Out on the allotment yesterday evening, I saw a prism of light in the sky, north west of the setting sun. I asked a plot neighbour who said it was a sun dog. I’ve just looked it up on Wikipedia and find that the phenomenon is an ice halo with the sun’s light refracting off ice crystals in cirrus clouds. Shows how cold it is! (I couldn’t sleep for cold last night – with winter blankets in store, I had to wear my dressing gown). Apparently it would be one of a pair, 22 degrees either side of the sun, but I neither saw t’other nor the halo that joins them. On its own it was enough to cause wonder; even though I knew science would have a perfectly rational explanation, the wonder was undimmed. It was like a little bit of rainbow in the wrong place, a Newtonian experiment in light, an angel imagined by Turner. I remembered vaguely that such things had names, which is why I went to the young couple digging their plot by the well. She knew the name; he scratched his head and confessed he’d thought it was the sun.
This is what I saw, but the photo comes from Wikipedia:
Seeing this quite makes up for not seeing the Perseids meteor shower last week, partly due to my being asleep during the night (rare phenomenon in itself), partly due to cloud. The wonder of meteors has indeed been dimmed by science and it’s hard to get excited about the debris of a comet, especially one called Swift-Tuttle, but hexagonal ice crystals refracting light? Oh, yes!

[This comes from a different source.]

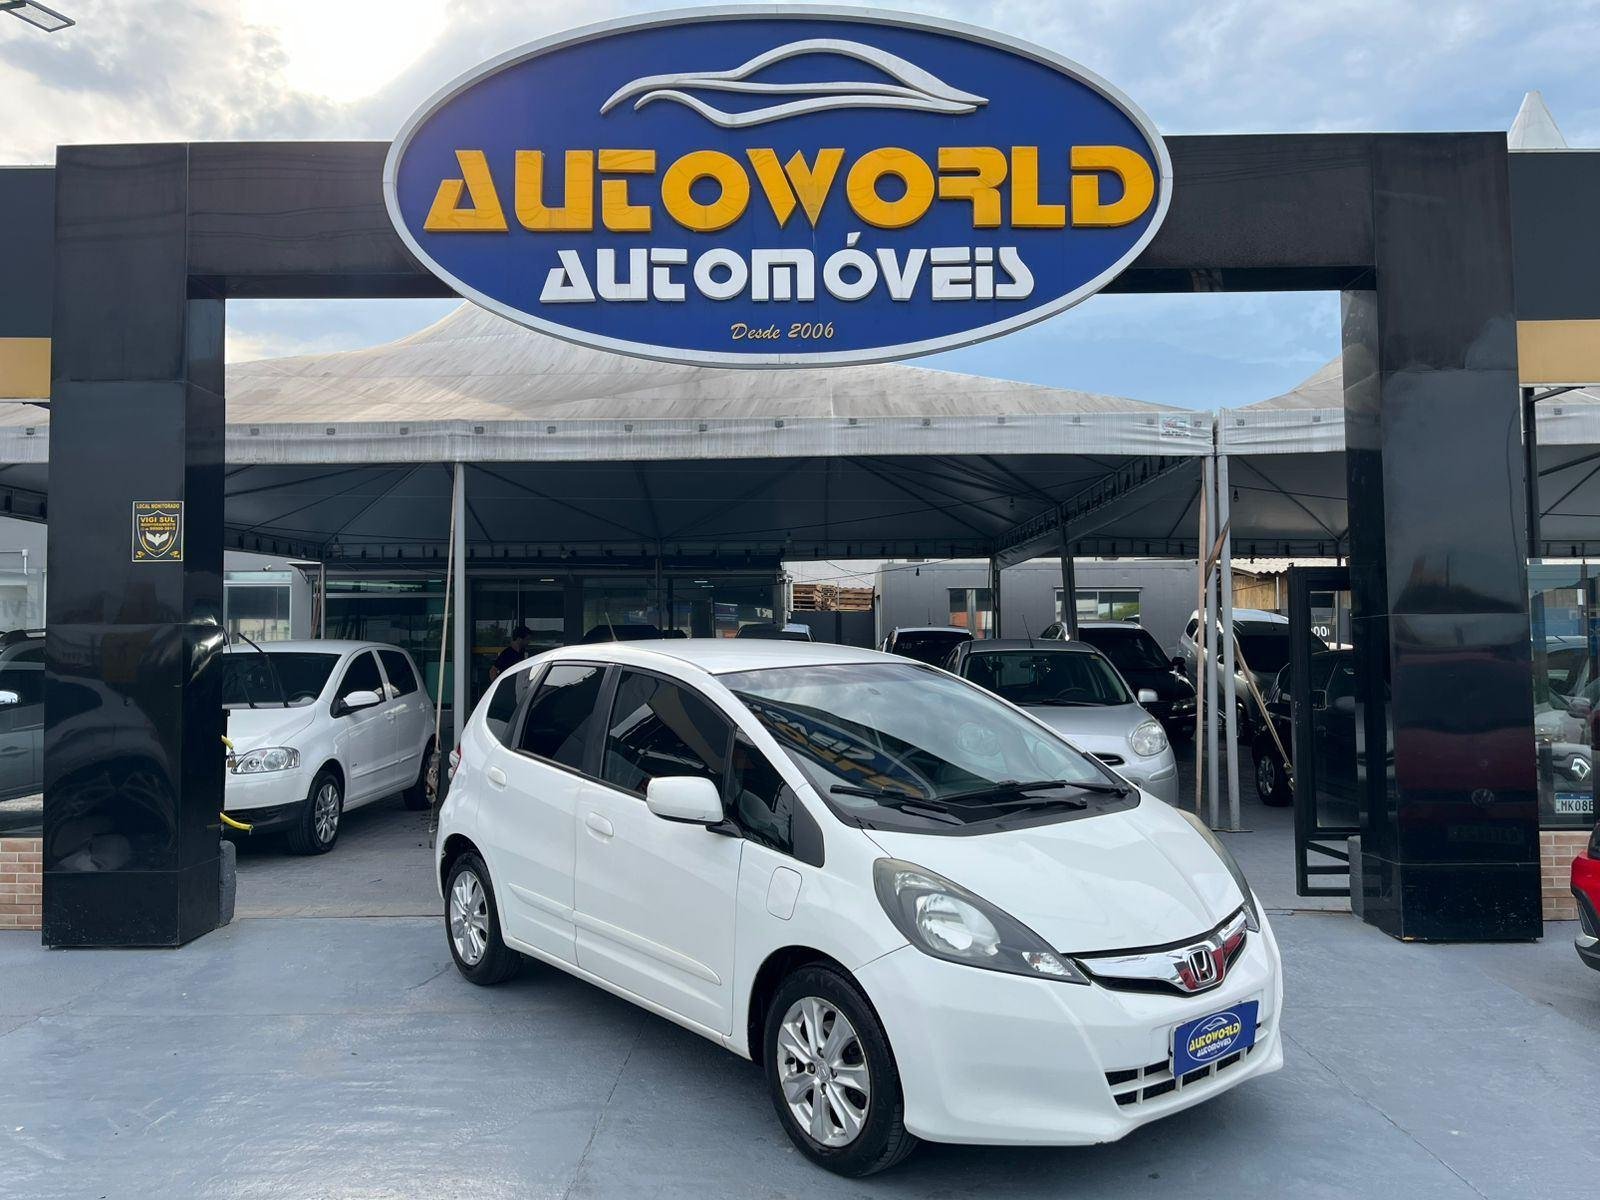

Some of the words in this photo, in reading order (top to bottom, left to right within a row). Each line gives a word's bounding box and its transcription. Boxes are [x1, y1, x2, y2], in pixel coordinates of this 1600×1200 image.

Sun dogs in history are generally taken to be signs of ill omen. We have plenty of fears to choose from, but I can’t help noting that today sees the beginning of the election of the new Labour leader and, although my heart is with Jeremy Corbyn, because he has principles and stands by them, the prospect is a bit scary. The real concern, however, should be why the sky is so cold in August.